Menurut Eggen dan Kauchak (1997), penerapan ZPD dalam pembelajaran mencakup tiga tugas, yaitu :
a. Pengukuran ZDP dilakukan dengan mengukur kemampuan siswa dalam memehami masalah yang realistik, proses ini disebut asssessment dinamik. Hal yang diukur mencakup : kemampuan berpikir, pengetahuan yang dimiliki, minat dan toleransi terhadap ambigusitas.
b. Pemilihan aktivitas belajar, maksudnya dengan menyesuaikan tugas-tugas belajar dengan level perkembangan siswa. Pembentukan pemahaman bersama dapat dilakukan dengan dua cara, yaitu : pemberian tugas pada konteks yang bermakna, dan melakukan dialog yang embantu siswa menganalisis masalah yang mereka hadapi.
c. Pemberian dukungan pembelajaran untuk membantu siswa melalui zonanya secara berhasil. Dalam pembelajaran ini menerapkan kosep scaffolding. Ada beberapa tipe scaffolding yang dapat diterapkan (Eggen dan Kauchak), yaitu modeling (menunjukkan cara menggambar), think aloud (memverbalisasi pemikiran), menggiring siswa, adaptasi bahan pembelajaran, prompt dan cue (dorongan dan isyarat).

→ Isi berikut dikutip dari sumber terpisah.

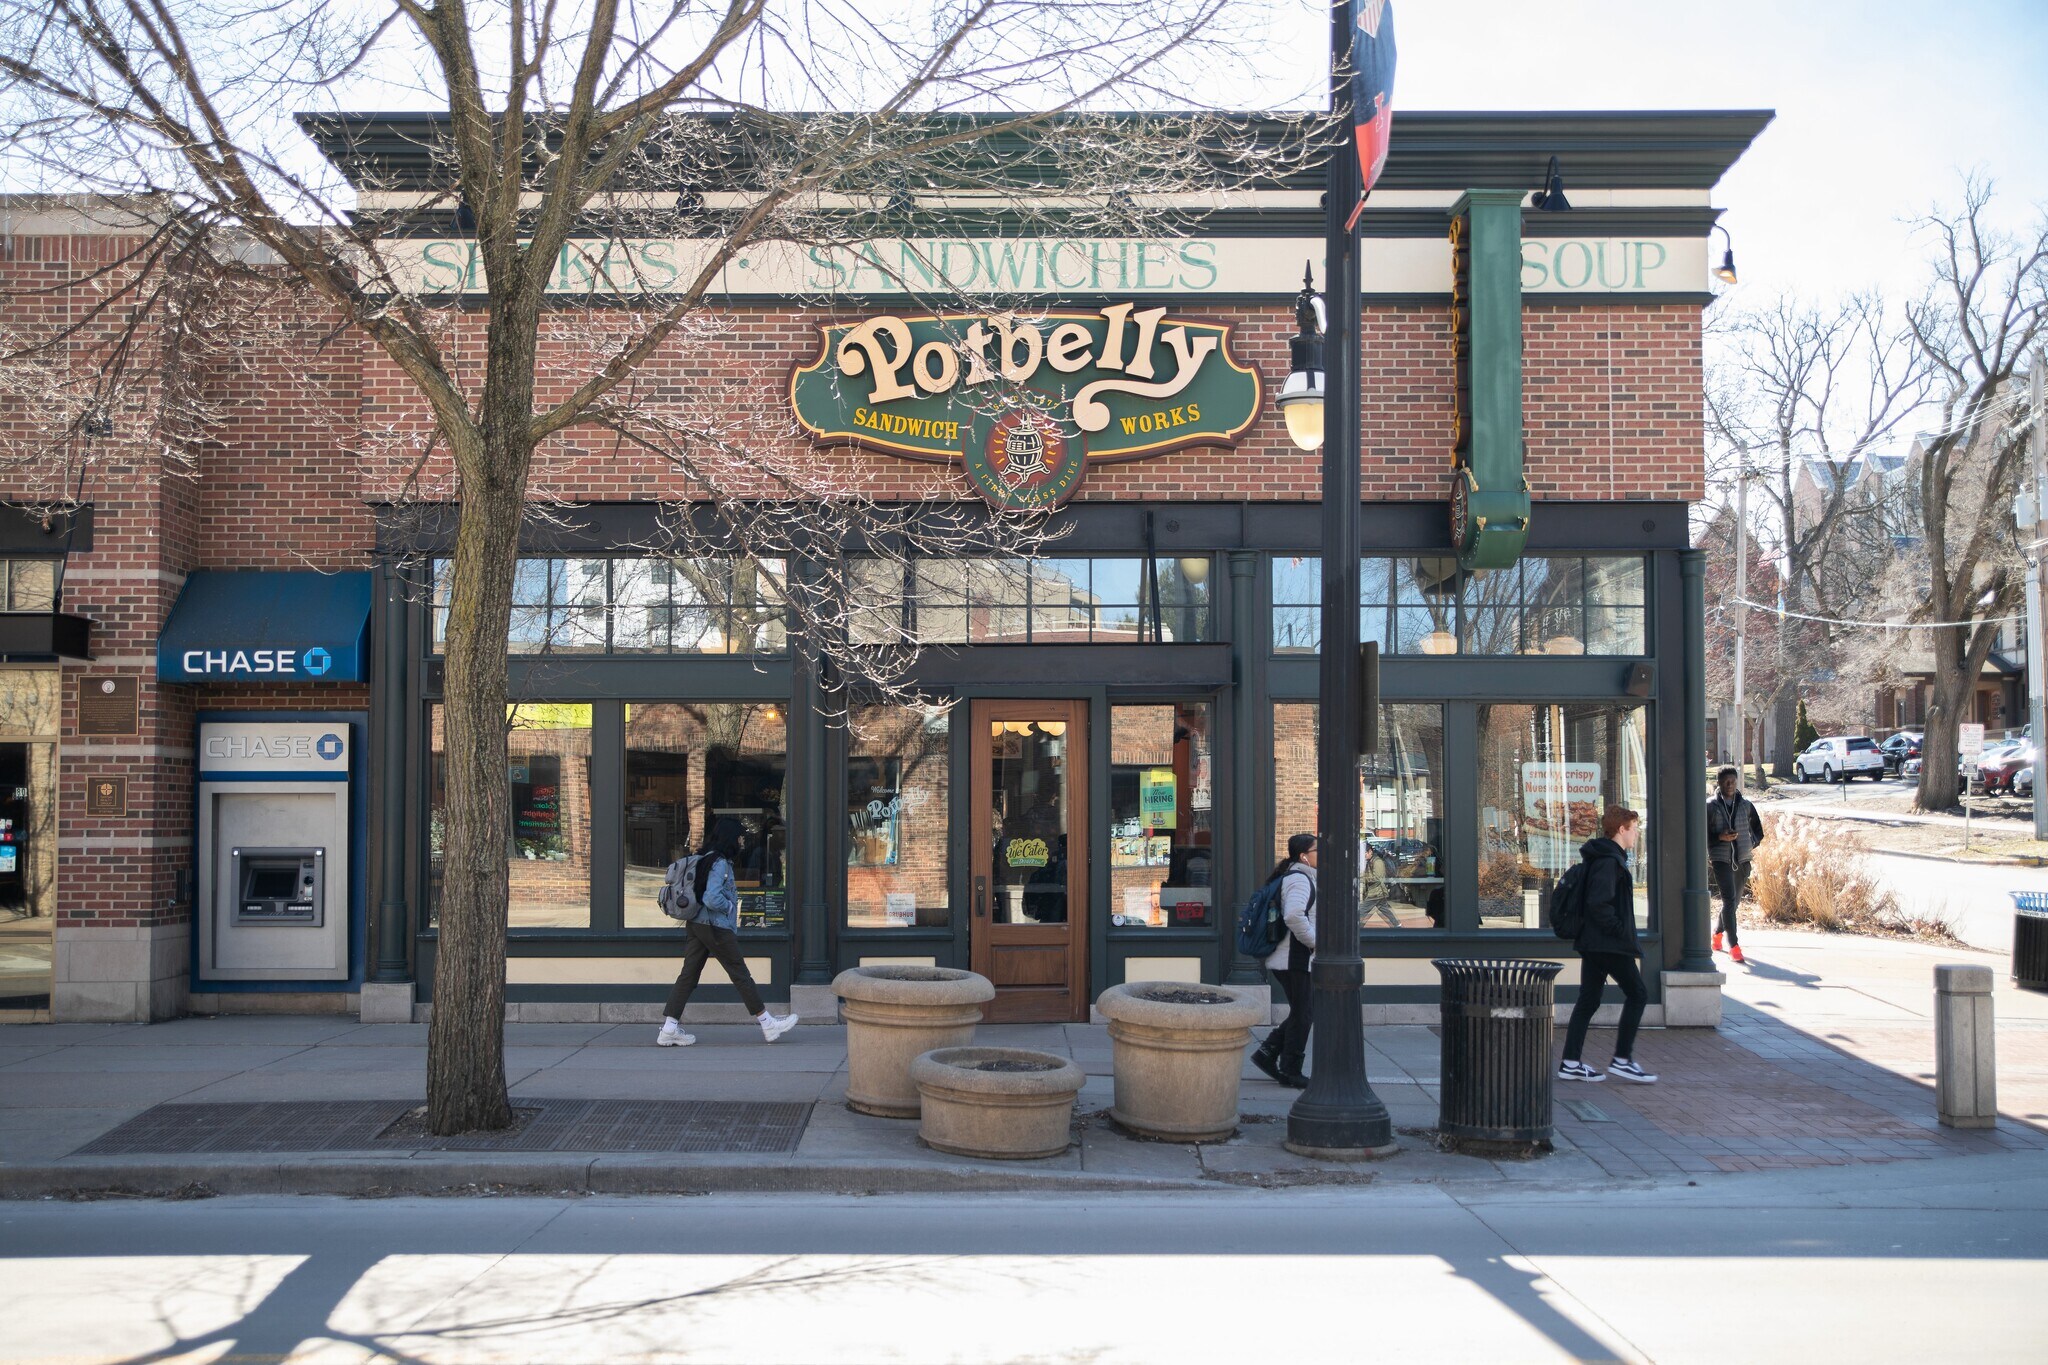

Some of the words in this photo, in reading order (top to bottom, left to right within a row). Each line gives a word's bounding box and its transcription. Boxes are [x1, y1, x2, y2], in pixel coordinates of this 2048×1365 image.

Teori Vygotsky memiliki empat implikasi pendidikan yang utama (Byrnes, 1996), yaitu :
a. Guru harus bertindak sebagai scaffold yang memberikan bimbingan yang cukup untuk membantu anak-anak mencapai kemajuan.
b. Pembelajaran harus selalu berupaya “mempercepat” level penguasa terkini anak.
c. Untuk menginternalisasi keterampilan pada anak-anak, pembelajran harus berkembang dalam empat fase. Pada fase pertama, guru harus menjadi model dan memberikan komentar verbal mengenai apa yang mereka lakukan dan alasannya. Pada fase kedua, siswa harus berupaya mengimitasi apa yang dilakukan guru. Pada fase ketiga, guru harus mengurangi intervensinya secara progresif begitu siswa telah menguasai keterampilan tersebut. Keempat, guru dan siswa secara berulang-ulang mengambil peran secara bergiliran.
d. Anak-anak perlu berulang-ulang dihadapkan dengan konsep-konsep ilmiah agar konsep spontan mereka menjadi lebih akurat dan umum.